2K Boston, das Studio, welches später zu Irrational Games werden sollte, hatte seinen Anfang mit einer Fortsetzung. Unter der Leitung von Ken Levine schufen sie das bis heute kultige Cyberpunk-Spiel System Shock 2 im Jahr 1999. Ein Spiel des 0451-Genre – First Person Shooter, die eine Geschichte mithilfe ihrer Umgebung erzählten.

Das Studio produzierte auch über die nächsten Jahre einige weitere Spiele, doch Ken Levine hatte die ganze Zeit eine Idee im Kopf, die ihn nicht losließ: Ein spiritueller Nachfolger zu System Shock, der sich mit verschiedenen philosophischen Konzepten auseinandersetzen sollte und eher dem Genre Biopunk angehören würde.
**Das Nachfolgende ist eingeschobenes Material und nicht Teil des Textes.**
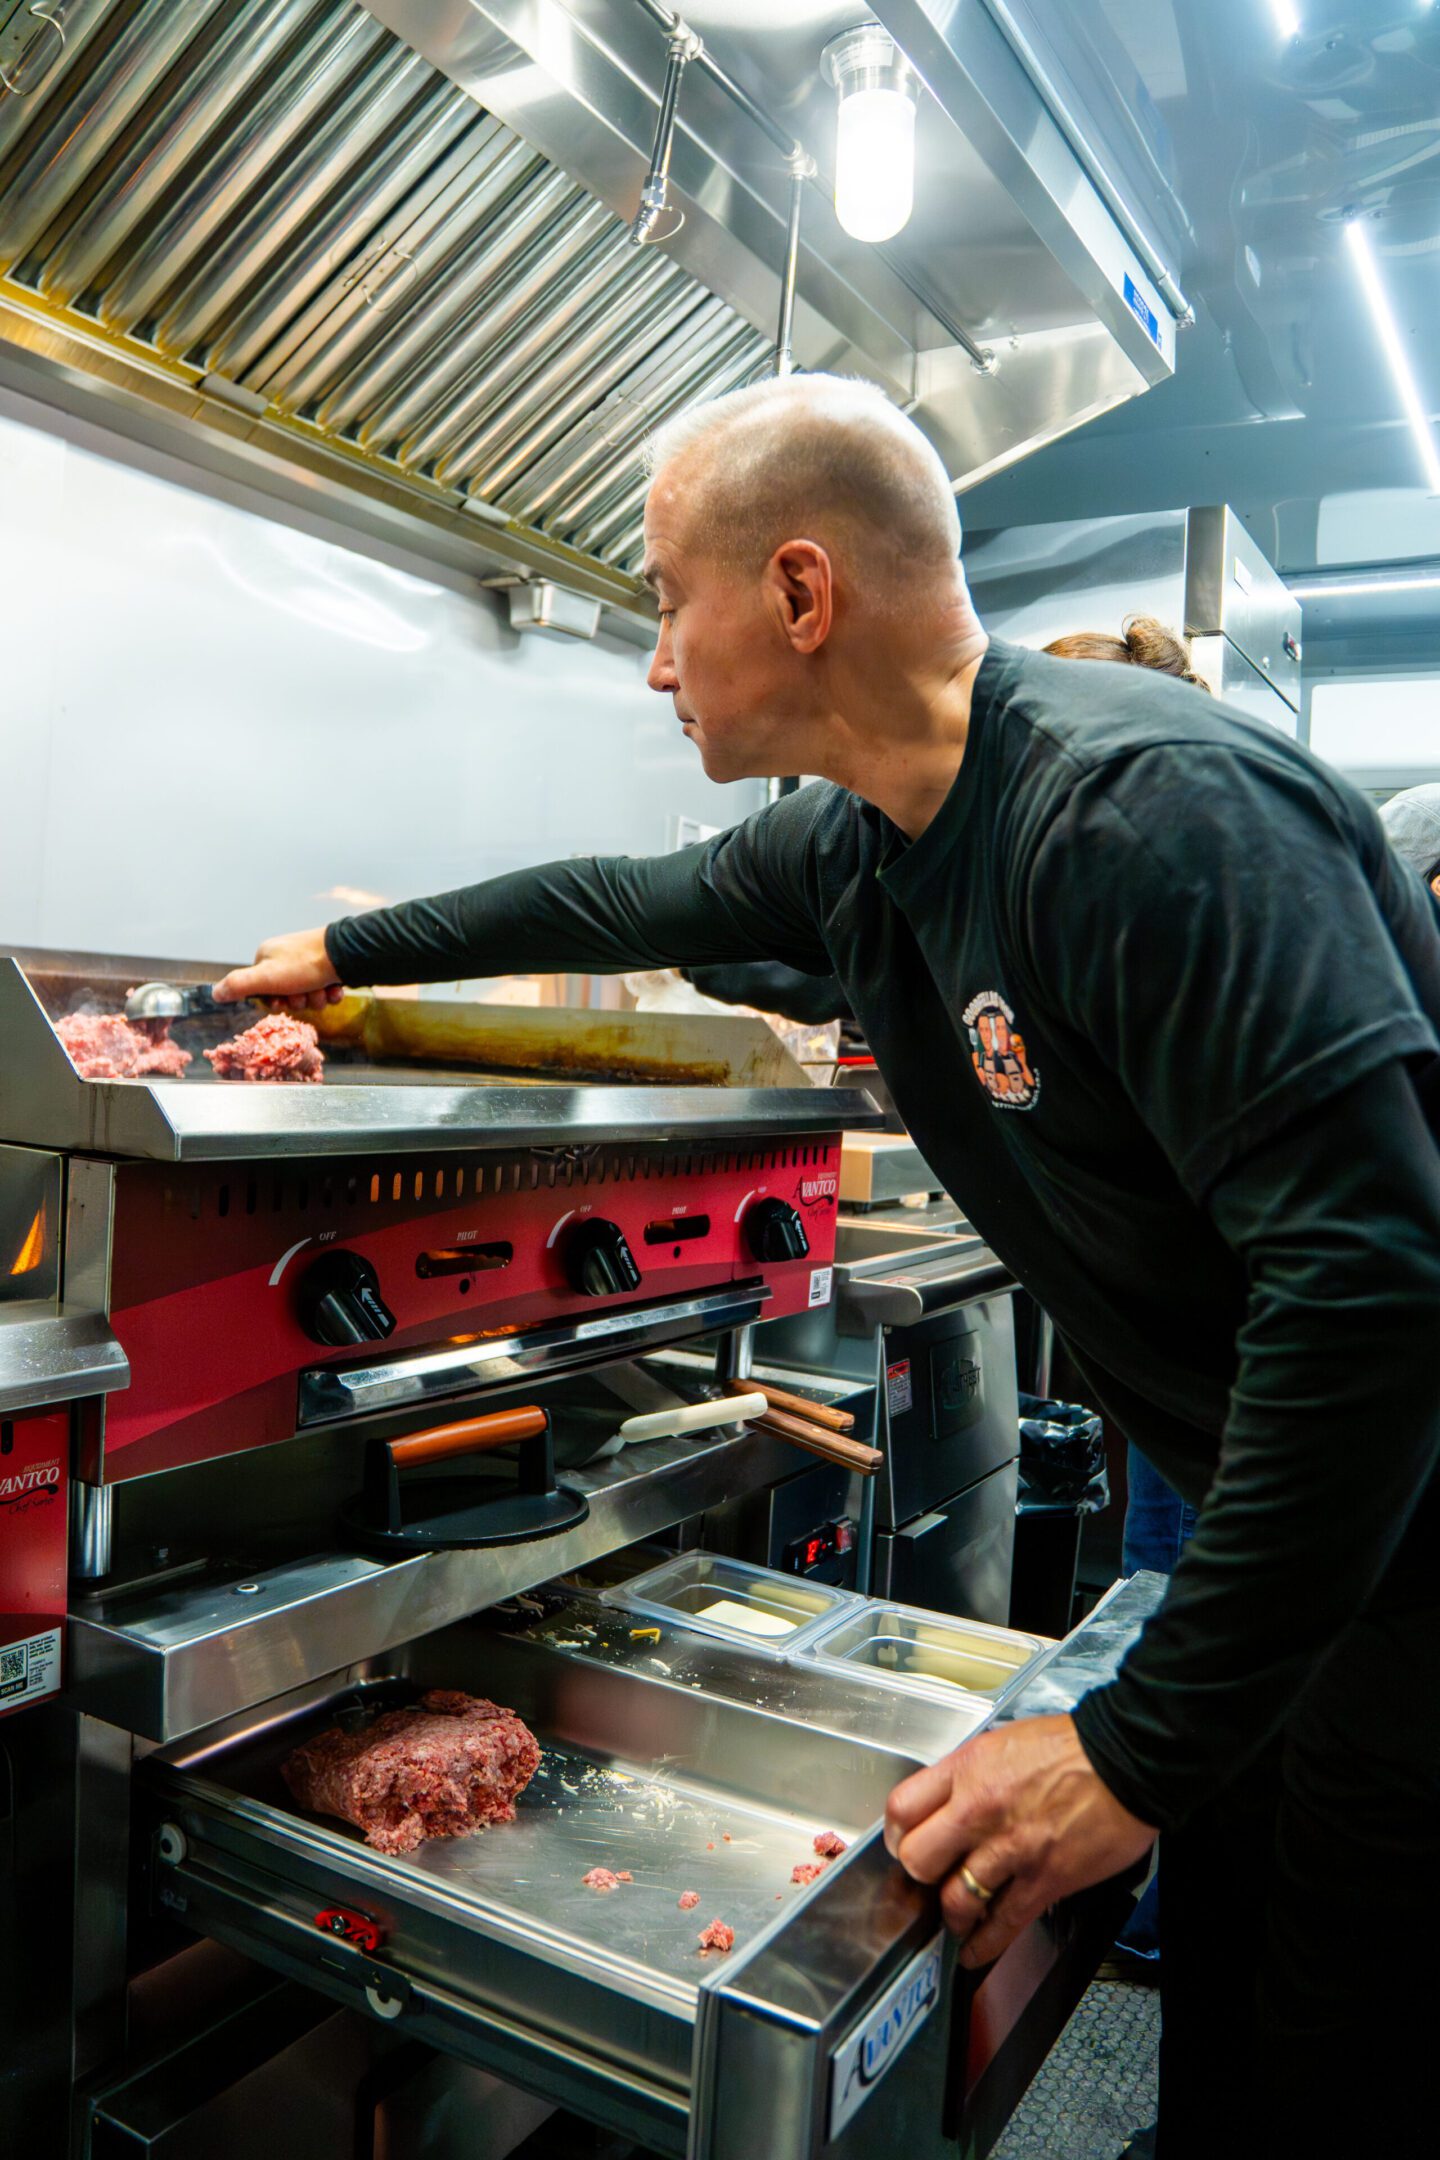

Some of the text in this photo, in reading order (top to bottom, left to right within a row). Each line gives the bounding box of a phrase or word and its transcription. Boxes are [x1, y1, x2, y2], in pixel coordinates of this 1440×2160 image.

[792, 1175, 837, 1205] AVANTCO
[319, 1230, 337, 1241] OFF
[456, 1230, 478, 1241] PILOT
[0, 1466, 60, 1496] VANTCO
So bekam er schließlich die Chance, diese Idee mit einem verhältnismäßig kleinen Team umzusetzen. Daraus wurde das erste Spiel der Reihe, die wir heute als Bioshock kennen. Eine Reihe, die drei Spiele, einen sehr umfangreichen DLC und außerdem einen Roman umfasst. Doch es begann alles mit Rapture …

Bioshock

Das erste Spiel der Reihe sollte im Jahre 2007 das Licht der Welt erblicken. Es erschien für PC und die damals gängigen Konsolen und war – wie bei einem Spiel, das nicht nur ein First Person Shooter, sondern auch ein Horrorspiel ist, zu erwarten – mit der Altersfreigabe „Ab 18“ versehen. In diesem Spiel entführt uns Irrational Games unter das Meer.

Willkommen in Rapture

Es ist das Jahr 1960, als wir uns in einem Flugzeug über dem Atlantik befinden. Wir haben ein Paket bei uns, das wir erst in der Luft öffnen sollen. In dem Paket finden sich zwei Sachen: Eine Nachricht und eine Pistole. Dann stürzt das Flugzeug ab und wir können uns zwischen den brennenden Wrackteilen irgendwie auf eine Insel retten – eine Insel mit einem Leuchtturm. Doch es ist, was wir in diesem Leuchtturm finden, das den Weg ins Abenteuer bereitet. Es erwartet uns eine Statue eines Mannes und ein Banner: keine Könige, keine Götter, nur Menschen. Als wir tiefer in den Leuchtturm vordringen, finden wir ein kleines U-Boot, das wir besteigen und so in eine fremde Welt gebracht werden.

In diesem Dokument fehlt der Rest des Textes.